Start of DATA SUPPLIED

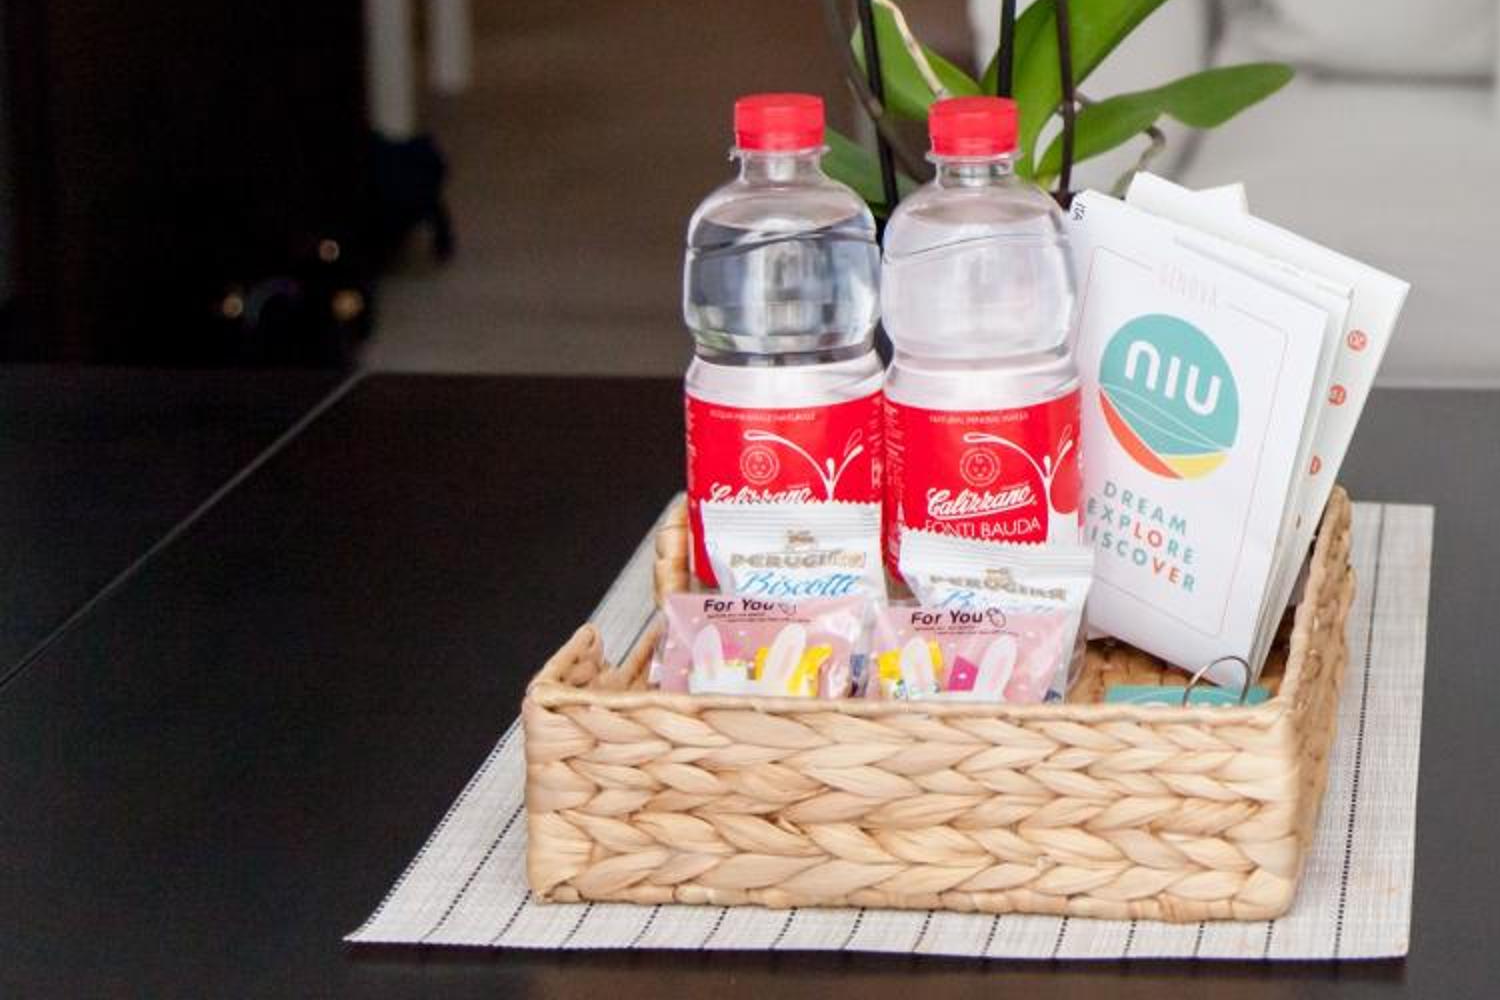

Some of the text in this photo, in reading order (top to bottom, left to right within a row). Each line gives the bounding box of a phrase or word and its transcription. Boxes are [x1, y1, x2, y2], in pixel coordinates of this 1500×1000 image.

[980, 515, 1041, 538] BAUDA
[1103, 480, 1187, 535] DREAM
[1087, 497, 1195, 565] EXPLORE
[1085, 524, 1195, 592] ISCOVER
[703, 600, 775, 613] For You
[911, 610, 983, 625] For You

End of DATA SUPPLIED

Copy the data above line for line, skipping every picture.

Some of the text in this photo, in reading order (top to bottom, left to right within a row). Each line gives the bounding box of a phrase or word and its transcription. Boxes are [x1, y1, x2, y2], in pixel coordinates of this 1500×1000 image.

[980, 515, 1041, 538] BAUDA
[1103, 480, 1187, 535] DREAM
[1087, 497, 1195, 565] EXPLORE
[1085, 524, 1195, 592] ISCOVER
[703, 600, 775, 613] For You
[911, 610, 983, 625] For You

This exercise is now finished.